Group chat encryption in practice generally relies on symmetric cryptography to encrypt messages, and digital signatures so that users can authenticate as having sent a given message. This template forms the basis of many group chat encryption schemes in practice including MLS, Signal and Keybase, and has been abstracted as symmetric signcryption and explored in a fruitful line of recent work (Jaeger, Kumar and Stepanovs, Eurocrypt'24; Jaeger and Kumar, Eurocrypt'25). Although practical messengers like Signal claim to provide deniability for users, this has not been analysed on the chat encryption level. Therefore, in this work, we define and explore the deniability of symmetric signcryption. Deniability is unavoidably lost, however, if the adversary learns the group key, which is a significant limitation, especially in large groups.

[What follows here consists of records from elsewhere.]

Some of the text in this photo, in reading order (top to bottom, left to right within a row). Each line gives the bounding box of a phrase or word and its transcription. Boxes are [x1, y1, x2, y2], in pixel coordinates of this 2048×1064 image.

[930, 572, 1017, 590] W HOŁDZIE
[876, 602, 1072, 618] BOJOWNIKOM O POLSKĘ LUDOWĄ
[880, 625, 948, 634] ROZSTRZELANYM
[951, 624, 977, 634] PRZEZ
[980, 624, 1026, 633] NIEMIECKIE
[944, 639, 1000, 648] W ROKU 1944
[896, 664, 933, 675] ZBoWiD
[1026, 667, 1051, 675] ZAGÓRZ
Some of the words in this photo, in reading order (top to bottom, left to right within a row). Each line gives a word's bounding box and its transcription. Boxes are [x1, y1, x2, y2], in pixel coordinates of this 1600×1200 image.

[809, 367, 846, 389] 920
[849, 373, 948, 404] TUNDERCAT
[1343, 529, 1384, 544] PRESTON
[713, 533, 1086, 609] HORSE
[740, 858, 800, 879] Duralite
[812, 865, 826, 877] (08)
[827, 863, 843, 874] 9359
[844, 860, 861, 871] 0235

Motivated by this limitation, we make the following contributions to characterise the practicality of strongly-deniable group chat encryption: - We introduce the extended symmetric signcryption primitive that allows public key pairs in its syntax and therefore provides stronger deniability, and construct it from symmetric encryption and multi-designated verifier signatures (MDVS) secure under strong security notions stemming from Damgård et al. (TCC'20). - Although signatures must grow linearly in size, previous MDVS constructions were impractical even for small groups. Therefore, we provide two new MDVS constructions. The first is based on DDH and is concretely efficient. The second is based on indistinguishability obfuscation and is the first construction for which signatures grow in the number of users that are allowed to be corrupted in the deniability game, which could be significantly smaller than the size of the group. The only other known construction with this property is from Damgard et al. (TCC'20) which relies on functional encryption and thus requires a master secret key, which is impractical for group messaging. - We revisit the Public Key Encryption for Broadcast (PKEBC) primitive introduced by Maurer et al. at Eurocrypt'22 used to construct deniable public-key encryption. In PKEBC, the set of public keys the sender encrypts to is output during decryption, and therefore ciphertexts grow linearly in size. We provide an information-theoretic argument to show that ciphertexts must grow linearly even if we do not require public keys to be output upon decryption. This negative result further motivates the use of symmetric encryption in group messaging.
Ongoing work with Wonseok Choi, Joseph Jaeger, Akshaya Kumar, Xiangyu Liu and Vassilis Zikas.
Daniel Collins is a postdoctoral researcher working with Juan Garay and Vassilis Zikas, currently at Texas A&M University and previously at Georgia Tech and Purdue University. His work focuses on cryptography and particularly on secure messaging systems and distributed protocol design. In secure messaging, Daniel has modelled real-world protocols used by billions in practice, designed new protocols and explored the foundations of secure communication. In distributed protocols, he has worked on reducing the cost of solving tasks like consensus, broadcast and multi-party computation, and on designing protocols that provide guarantees when parties experience severe network and adversarial behaviour. Daniel completed his PhD in 2024 at EPFL in Switzerland under Serge Vaudenay's supervision and was awarded a Thesis Distinction by the school. Before that, he received a Bachelors in Computer Science and Mathematics from the University of Sydney and was awarded the University Medal for his Honours thesis.